I Hate Opinions, But I Love Your Torah: Monster-psalm Meditation #15

I Hate Opinions, But I Love Your Torah: Monster-psalm Meditation #15 2014-07-17T14:40:19-05:00

Psalm 119:113-120
I hate opinions,

but I love your law.
You are my hiding-place and my shield;
I hope in your word.
Go away from me, you evildoers,
that I may keep the commandments of my God.
Uphold me according to your promise, that I may live,
and let me not be put to shame in my hope.
Hold me up, that I may be safe
and have regard for your statutes continually.
You spurn all who go astray from your statutes;
for their cunning is in vain.
All the wicked of the earth you count as dross;
therefore I love your decrees.
My flesh trembles for fear of you,
and I am afraid of your judgments.

This section begins with four Hebrew words that capture the problem of epistemology: סעפים שנאתי ותורתך אהבתי (se’iphim saneti v’toratecha ahavti, “I hate opinions, but I love your Torah”). We want to arrive at the pure truth, but the closest we can get to it is our perpetually inadequate interpretations and opinions, and the tighter we hold to these, the less we can continue on our journey truthward.

Translations of this verse vary widely. In the lexicon סעפים (se’iphim) means “thoughts” in a figurative sense and “branches” of a tree in a literal sense. But in its uses, se’iphim seems to carry a connotation of contentiousness, i.e. not just thoughts, but schismatic thoughts that cause disagreements between people and divide them into separate branches on a tree. Hence I use the word “opinions” to translate. In any case, this verse is contrasting se’iphim in the sharpest possible terms with Torah, by making them the objects of hate and love respectively. What is the difference between se’iphim and Torah? It is the difference between our finite knowledge, which is organized like the branches of a tree into binary categories of black and white, either/or, etc, and the infinite knowledge within God’s Torah which has a perfect unity to it that is seamless but infinitely complex and perpetually evasive of our attempts to conquer it, in the same way that a ray of light is impossible to reach out and grab (see John 1:5).

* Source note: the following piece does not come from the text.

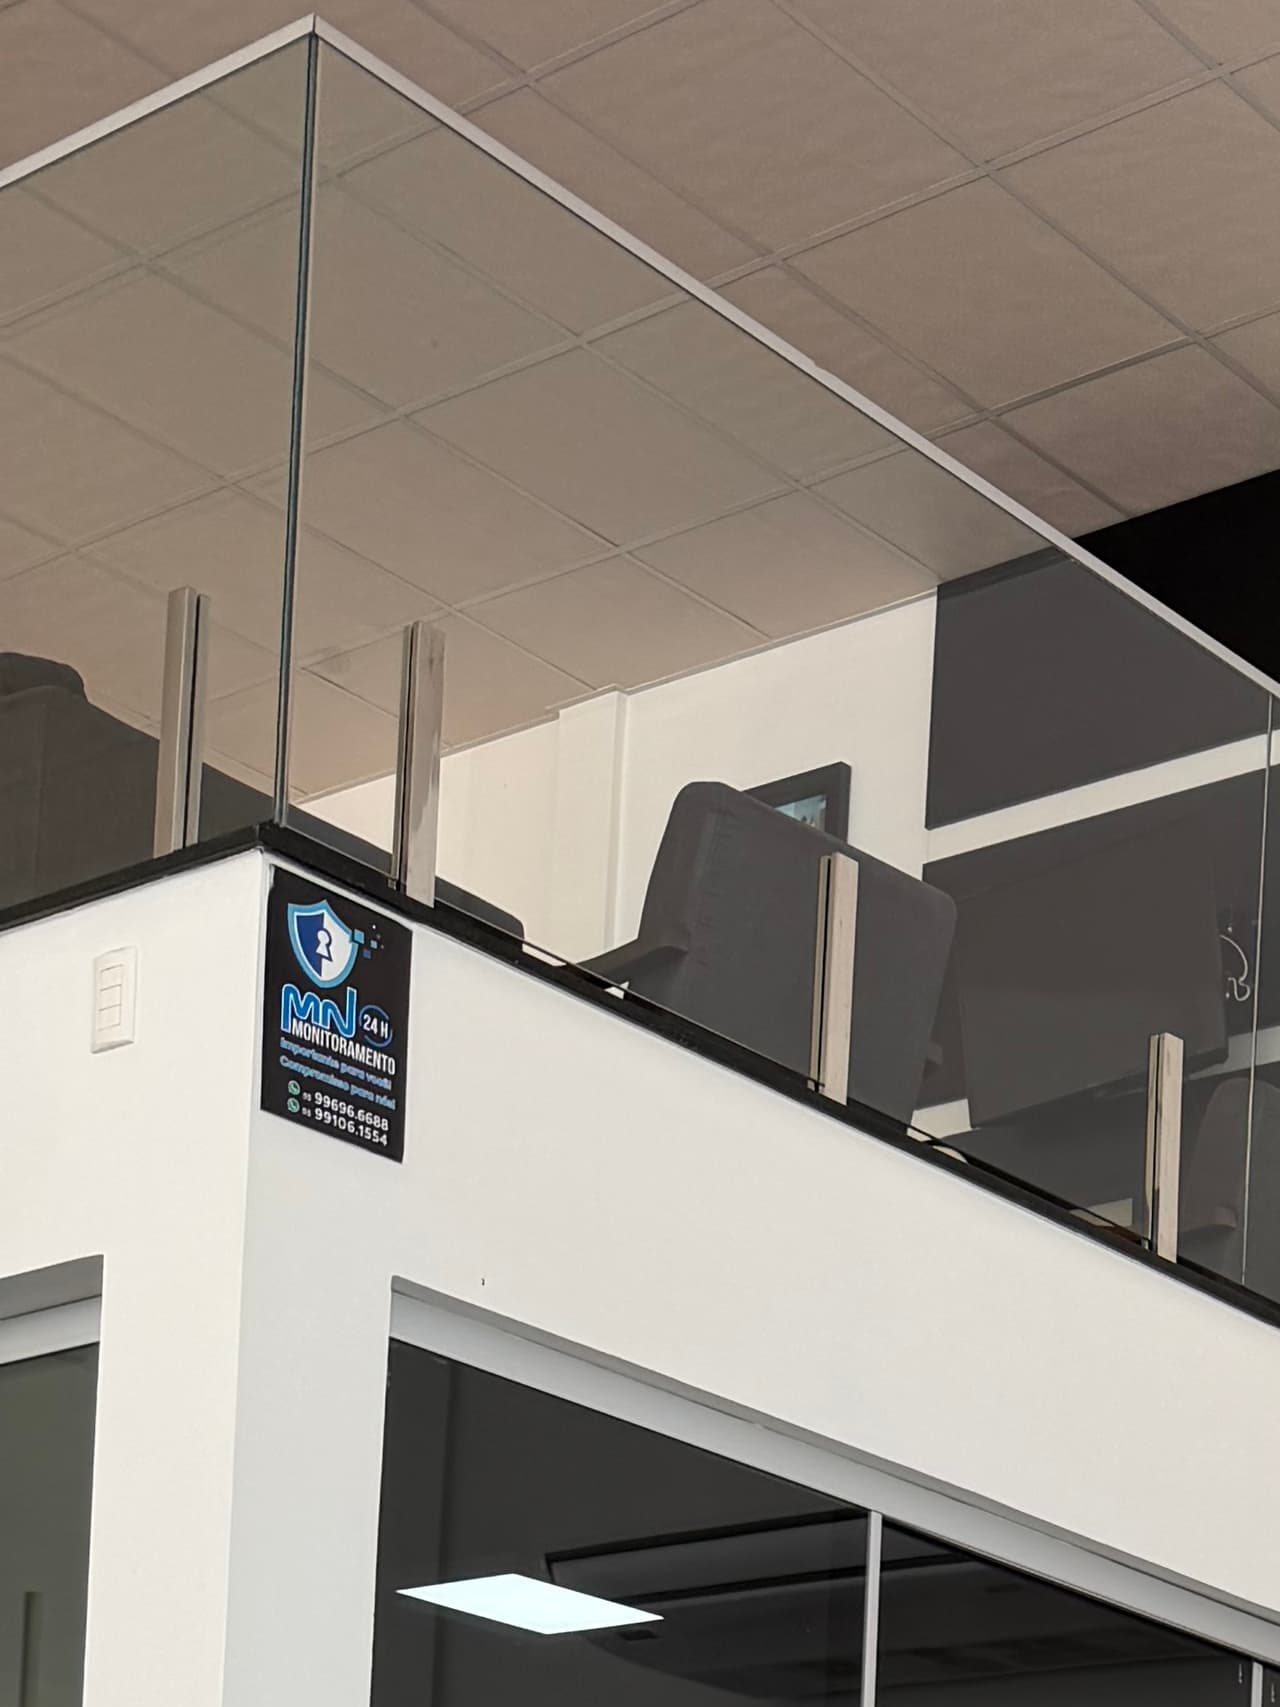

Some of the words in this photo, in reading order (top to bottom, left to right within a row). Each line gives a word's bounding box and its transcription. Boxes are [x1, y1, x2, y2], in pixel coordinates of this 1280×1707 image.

All of the specifics of God’s law have a reason behind them that originates in the inaccessibly perfect logic of Torah. We only access Torah on a superficial level when we think of it as the rules we have to follow “because God said so.” God’s goal is for us to do far more than follow the law out of blind duty; He wants us to fall in love with the law, which means taking an interest in the deeper logic behind it. 2 Corinthians 3:6 says, “The letter kills, but the Spirit gives life,” because if we hold too tightly to the letter of the law, then our zeal for discovering the spirit behind the law is choked to death. Usually we do this when observing the letter of the law fulfills some base objective that we have such as achieving political power or nursing our pride rather than instilling in us the joyful perception of God’s beauty that God wants His law to awaken in all of us.

All forms of fundamentalism and systematic theologies that consider themselves to be all-encompassing are dangerous to Christianity because they fetishize the letter and kill the spirit of God’s teachings, which results in a white-knuckled grip on se’iphim rather than open hands that receive the endless gifts of God’s Torah. If we try to bleach out all the mystery from God’s law, then we end up with a caricatured understanding of it, like Jesus’ Pharisaic opponents in the gospel stories. The way to become a Pharisee is to mistaken our finite se’iphim for God’s infinite Torah, which is precisely what millions of Christians are doing right now with their checklists that measure who’s in and who’s out, who’s orthodox and who’s a heretic, etc.

To love our se’iphim instead of God’s Torah is to worship an idol. To some degree, idolatry is unavoidable. What I mean by this is we are always going to perceive God in a finite approximation of who He really is. But we have fallen captive to idolatry when we defend our finite approximations of God against the deeper revelations that He gives us, instead of smashing our idols and reconfiguring our understanding of Him on a perpetual basis. The most mature theologian seeks to understand the Torah within the views of his/her fiercest theological opponents. That’s the best way to grow out of our caricatures of God. The nature of truth is such that even the most egregious of heretics are responding to some truth whose misinterpretation or overemphasis is the source of their heresy. This is by no means a relativistic view of truth. It simply requires a more exquisite level of discernment to separate the truth from the falsehood within each of our fallible se’iphim rather than clumsily dividing people into those who are right and those who are wrong.

So teach me, God, to despise the finiteness of my own opinions and yearn for the infinite purity of your Torah. I pray that my only allegiance would be to you, that I would be so fluid in my ties to every theory and ideology and assumption that your Holy Breath can blow me wherever it pleases.